Julian Spalding - Art Historian

Freeman peers into the melting pot of British Art and gives it a jolly good stir. Original and thought provoking.

Sue Ward, Executive Editor, The Art Book

Highly recommended for students and those wanting a lively introduction to the art of our isles.

Product Description

Julian Freeman's 16 essays on British art turn the subject on its head, its side and - without pretending to formally reassess it - give it a good shaking. Skating across the better part of 500 years, occasionally going the full distance, but usually remaining within the bounds of folk-memory, the book's partial choices of subject are unapologetic, and the ideas move in directions, and to places, where they don't usually go, or aren't often found. Moving at full-pelt or more sedately, the text always stays within reach of the popular reader...and of students also, who too often know far too little, and need to know much more.
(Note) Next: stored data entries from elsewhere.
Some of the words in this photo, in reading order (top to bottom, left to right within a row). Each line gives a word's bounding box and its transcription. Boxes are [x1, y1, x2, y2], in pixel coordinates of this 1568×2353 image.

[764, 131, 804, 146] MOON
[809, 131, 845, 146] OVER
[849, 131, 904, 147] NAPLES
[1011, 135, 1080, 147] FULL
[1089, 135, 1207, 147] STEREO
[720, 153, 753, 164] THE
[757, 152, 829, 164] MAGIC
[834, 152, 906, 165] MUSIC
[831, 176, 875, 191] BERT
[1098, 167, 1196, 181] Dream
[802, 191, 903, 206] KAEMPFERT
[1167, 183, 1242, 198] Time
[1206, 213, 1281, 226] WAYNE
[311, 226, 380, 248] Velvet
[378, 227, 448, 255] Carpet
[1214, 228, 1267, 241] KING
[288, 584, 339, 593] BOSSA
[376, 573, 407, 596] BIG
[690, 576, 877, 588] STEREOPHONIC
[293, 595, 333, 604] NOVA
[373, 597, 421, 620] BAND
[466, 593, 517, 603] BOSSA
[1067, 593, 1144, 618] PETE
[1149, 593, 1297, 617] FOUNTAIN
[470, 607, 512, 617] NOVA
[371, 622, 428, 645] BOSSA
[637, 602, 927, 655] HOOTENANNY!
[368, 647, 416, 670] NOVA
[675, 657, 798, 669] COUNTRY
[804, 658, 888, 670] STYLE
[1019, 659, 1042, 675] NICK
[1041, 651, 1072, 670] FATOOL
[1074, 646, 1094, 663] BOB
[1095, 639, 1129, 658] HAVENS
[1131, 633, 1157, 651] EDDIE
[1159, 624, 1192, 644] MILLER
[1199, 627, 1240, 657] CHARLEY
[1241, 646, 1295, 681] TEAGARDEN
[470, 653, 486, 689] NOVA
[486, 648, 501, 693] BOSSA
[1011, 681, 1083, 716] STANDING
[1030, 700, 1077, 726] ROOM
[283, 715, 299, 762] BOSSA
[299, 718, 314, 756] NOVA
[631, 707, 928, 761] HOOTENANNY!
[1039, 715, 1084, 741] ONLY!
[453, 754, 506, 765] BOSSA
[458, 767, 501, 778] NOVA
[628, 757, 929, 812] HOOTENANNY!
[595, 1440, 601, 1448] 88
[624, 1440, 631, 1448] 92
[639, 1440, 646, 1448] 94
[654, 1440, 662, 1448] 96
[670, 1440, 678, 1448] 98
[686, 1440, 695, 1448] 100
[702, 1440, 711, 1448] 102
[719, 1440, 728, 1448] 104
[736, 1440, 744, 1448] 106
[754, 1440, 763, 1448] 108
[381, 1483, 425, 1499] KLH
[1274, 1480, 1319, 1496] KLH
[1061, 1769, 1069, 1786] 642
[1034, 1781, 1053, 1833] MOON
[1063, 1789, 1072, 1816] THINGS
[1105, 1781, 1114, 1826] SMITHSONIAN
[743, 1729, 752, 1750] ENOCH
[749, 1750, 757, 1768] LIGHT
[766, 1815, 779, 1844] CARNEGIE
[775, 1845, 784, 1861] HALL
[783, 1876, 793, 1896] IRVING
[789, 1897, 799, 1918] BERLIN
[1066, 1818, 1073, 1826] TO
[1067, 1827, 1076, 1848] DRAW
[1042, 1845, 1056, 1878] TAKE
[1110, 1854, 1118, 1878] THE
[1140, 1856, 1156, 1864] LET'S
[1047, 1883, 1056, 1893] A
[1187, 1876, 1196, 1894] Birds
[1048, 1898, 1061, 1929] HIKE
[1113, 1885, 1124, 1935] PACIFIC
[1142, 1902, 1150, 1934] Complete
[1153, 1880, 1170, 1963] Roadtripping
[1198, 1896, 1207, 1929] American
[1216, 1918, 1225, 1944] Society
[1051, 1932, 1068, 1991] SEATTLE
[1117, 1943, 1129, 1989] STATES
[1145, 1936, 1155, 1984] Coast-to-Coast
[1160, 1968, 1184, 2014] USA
Like his successful first book "Art: A Crash Course" (1998), and the co-written "Design" (from the same series), "British Art" is deliberately provocative and affectionate in turn. Freeman's text moves from discursive commentaries on the art of the home countries of the British Isles (including Ireland) to consider some of the ways that Brits of all colours and persuasions have handled the need to draw, the weather, portraiture, industry, sculpture, spirituality, printmaking and the testy (and testing) business of exhibiting, in some very different, often demanding, conditions. It's picky, it can't cover everything, but when it takes aim, it's unerring.

About the Author

Julian Freeman is an art historian, author and critic. A regular reviewer for The Art Book magazine, an occasional reviewer for other art glossies, and the author and co-author of Art: A Crash Course and Design: A Crash Course, he writes the way he teaches, with an irreverence for aesthetic mystique cultivated over time, but which doesn't quite obscure the love he has for his subject - British Art.